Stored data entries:
● ● ● ●

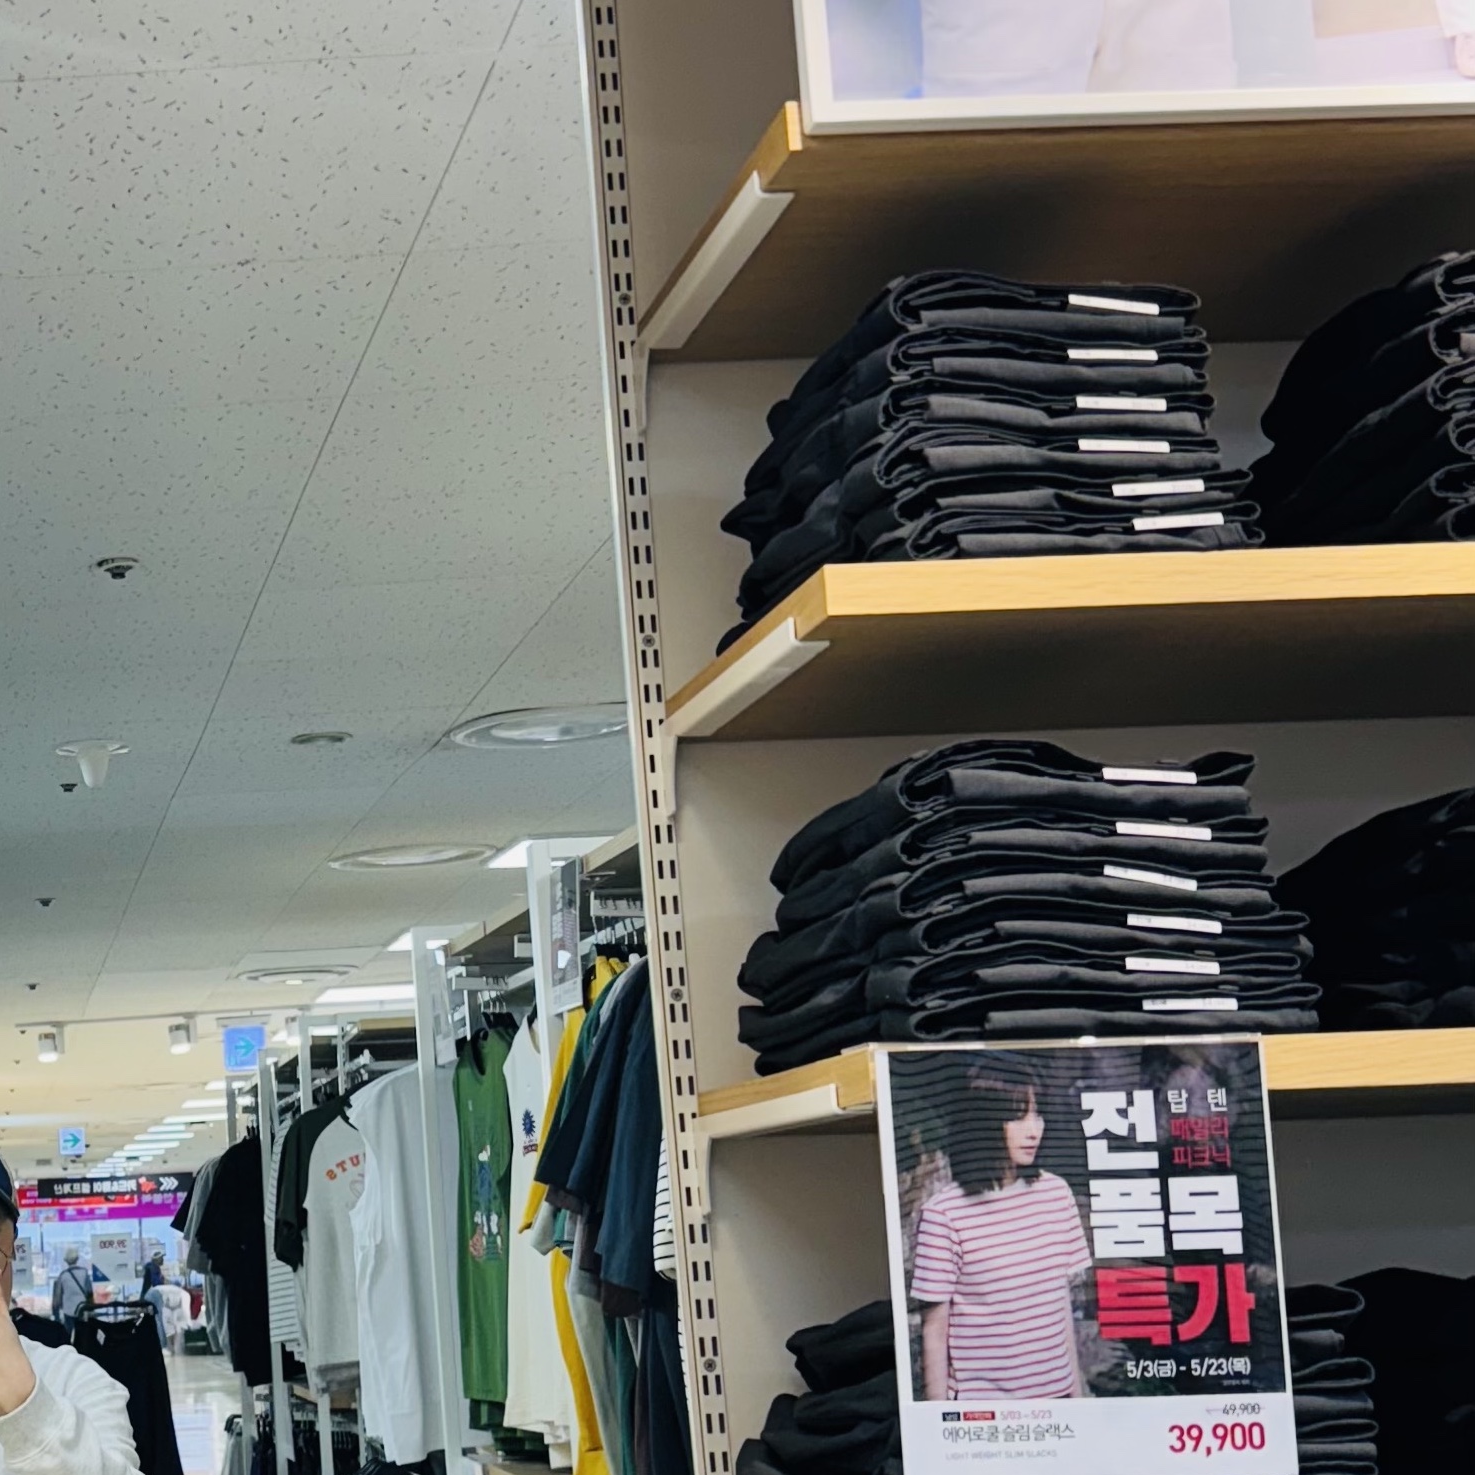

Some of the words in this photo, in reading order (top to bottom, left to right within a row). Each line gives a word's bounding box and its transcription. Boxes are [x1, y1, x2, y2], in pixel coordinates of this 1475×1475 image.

[1080, 1089, 1160, 1172] 전
[1088, 1175, 1245, 1259] 품목
[1095, 1262, 1256, 1346] 특가
[1126, 1359, 1176, 1379] 5/3(금)
[1191, 1357, 1251, 1377] 5/23(목)
[1000, 1411, 1021, 1420] 5/03
[1031, 1410, 1052, 1419] 5/23
[1222, 1403, 1261, 1417] 49,900
[942, 1425, 999, 1443] 에어로쿨
[1003, 1424, 1030, 1442] 슬림
[1032, 1423, 1075, 1441] 슬랙스
[1168, 1421, 1266, 1457] 39,900
[945, 1452, 969, 1460] LIGHT
[971, 1451, 1002, 1459] WEIGHT
[1005, 1450, 1024, 1459] SLIM
[1026, 1449, 1057, 1458] SLACKS
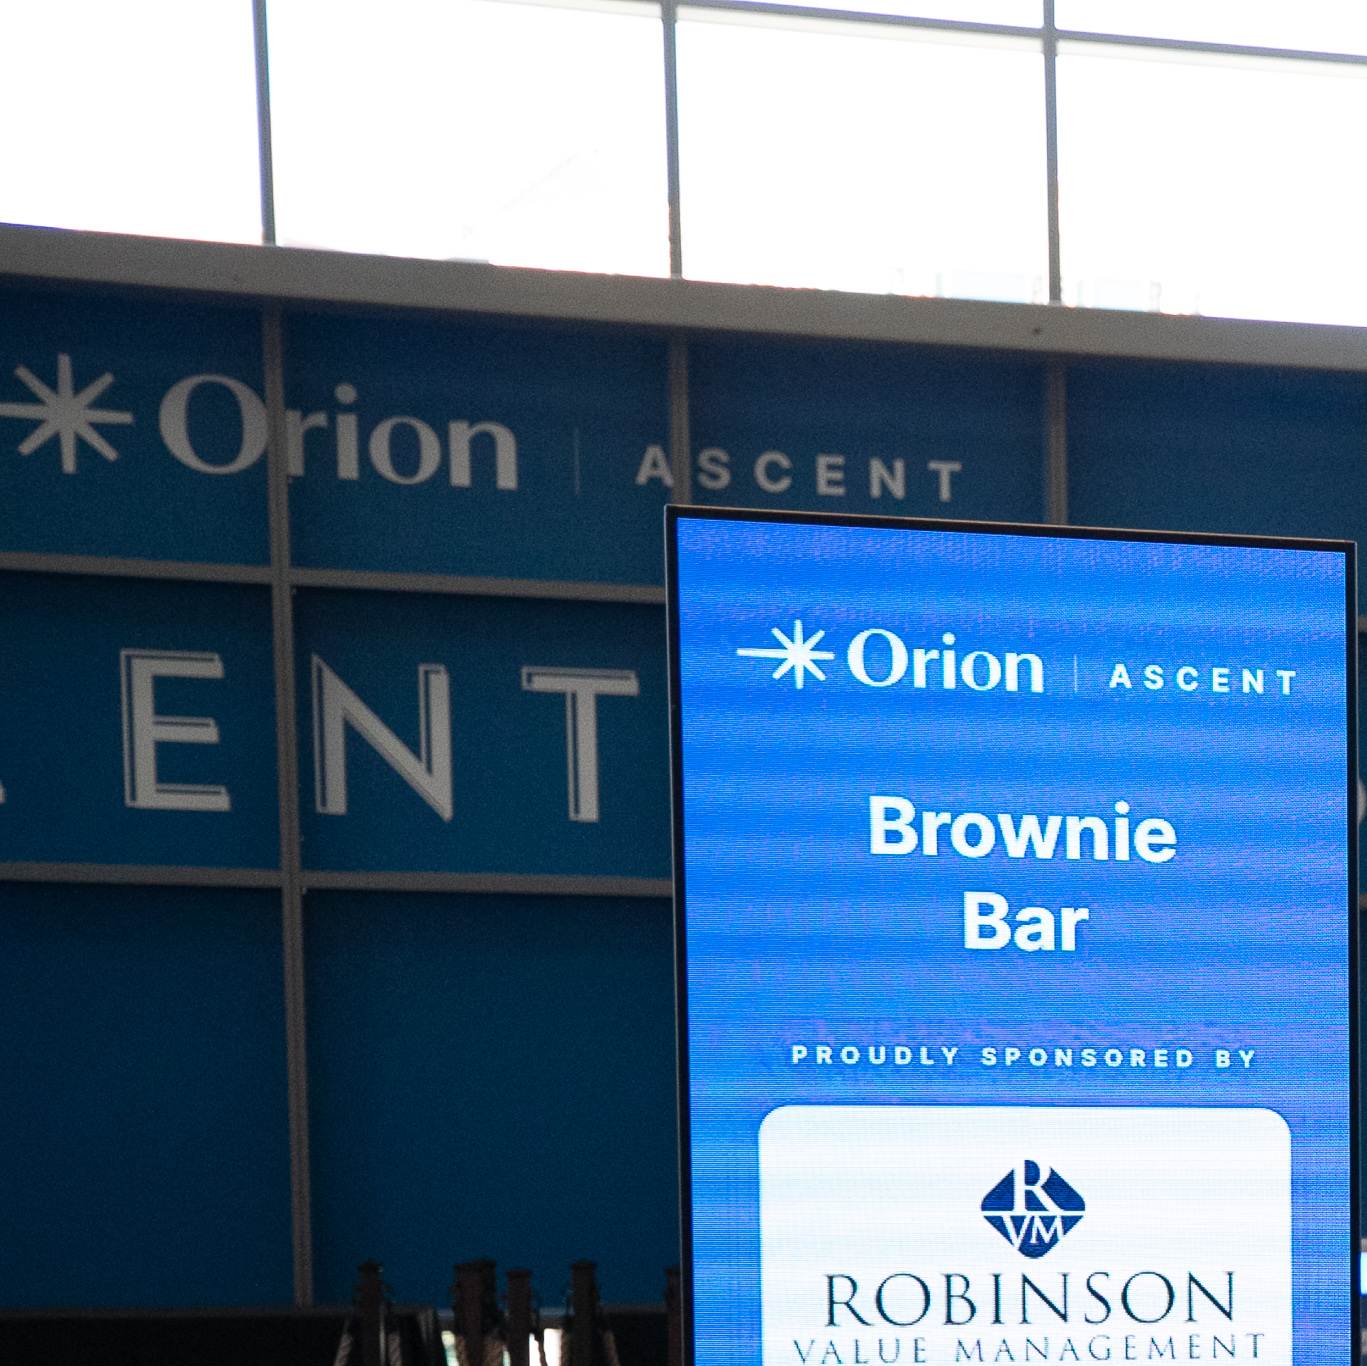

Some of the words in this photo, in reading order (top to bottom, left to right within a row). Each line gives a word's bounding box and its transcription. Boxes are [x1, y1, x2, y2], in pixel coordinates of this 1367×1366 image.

[158, 373, 518, 491] Orion
[635, 443, 963, 503] ASCENT
[846, 627, 1045, 693] Orion
[1108, 662, 1297, 696] ASCENT
[868, 794, 1178, 863] Brownie
[963, 890, 1090, 952] Bar
[791, 1044, 960, 1067] PROUDLY
[980, 1045, 1195, 1069] SPONSORED
[1215, 1047, 1258, 1070] BY
[824, 1269, 1238, 1329] ROBINSON
[791, 1335, 928, 1366] VALUE
[955, 1331, 1268, 1364] MANAGEMENT

● ● ● ●

What you will do:
No pictures belong in the copy. Transcribe every entry exactly.

Expected output:
Some of the words in this photo, in reading order (top to bottom, left to right within a row). Each line gives a word's bounding box and its transcription. Boxes are [x1, y1, x2, y2], in pixel coordinates of this 1475×1475 image.

[1080, 1089, 1160, 1172] 전
[1088, 1175, 1245, 1259] 품목
[1095, 1262, 1256, 1346] 특가
[1126, 1359, 1176, 1379] 5/3(금)
[1191, 1357, 1251, 1377] 5/23(목)
[1000, 1411, 1021, 1420] 5/03
[1031, 1410, 1052, 1419] 5/23
[1222, 1403, 1261, 1417] 49,900
[942, 1425, 999, 1443] 에어로쿨
[1003, 1424, 1030, 1442] 슬림
[1032, 1423, 1075, 1441] 슬랙스
[1168, 1421, 1266, 1457] 39,900
[945, 1452, 969, 1460] LIGHT
[971, 1451, 1002, 1459] WEIGHT
[1005, 1450, 1024, 1459] SLIM
[1026, 1449, 1057, 1458] SLACKS

Some of the words in this photo, in reading order (top to bottom, left to right within a row). Each line gives a word's bounding box and its transcription. Boxes are [x1, y1, x2, y2], in pixel coordinates of this 1367×1366 image.

[158, 373, 518, 491] Orion
[635, 443, 963, 503] ASCENT
[846, 627, 1045, 693] Orion
[1108, 662, 1297, 696] ASCENT
[868, 794, 1178, 863] Brownie
[963, 890, 1090, 952] Bar
[791, 1044, 960, 1067] PROUDLY
[980, 1045, 1195, 1069] SPONSORED
[1215, 1047, 1258, 1070] BY
[824, 1269, 1238, 1329] ROBINSON
[791, 1335, 928, 1366] VALUE
[955, 1331, 1268, 1364] MANAGEMENT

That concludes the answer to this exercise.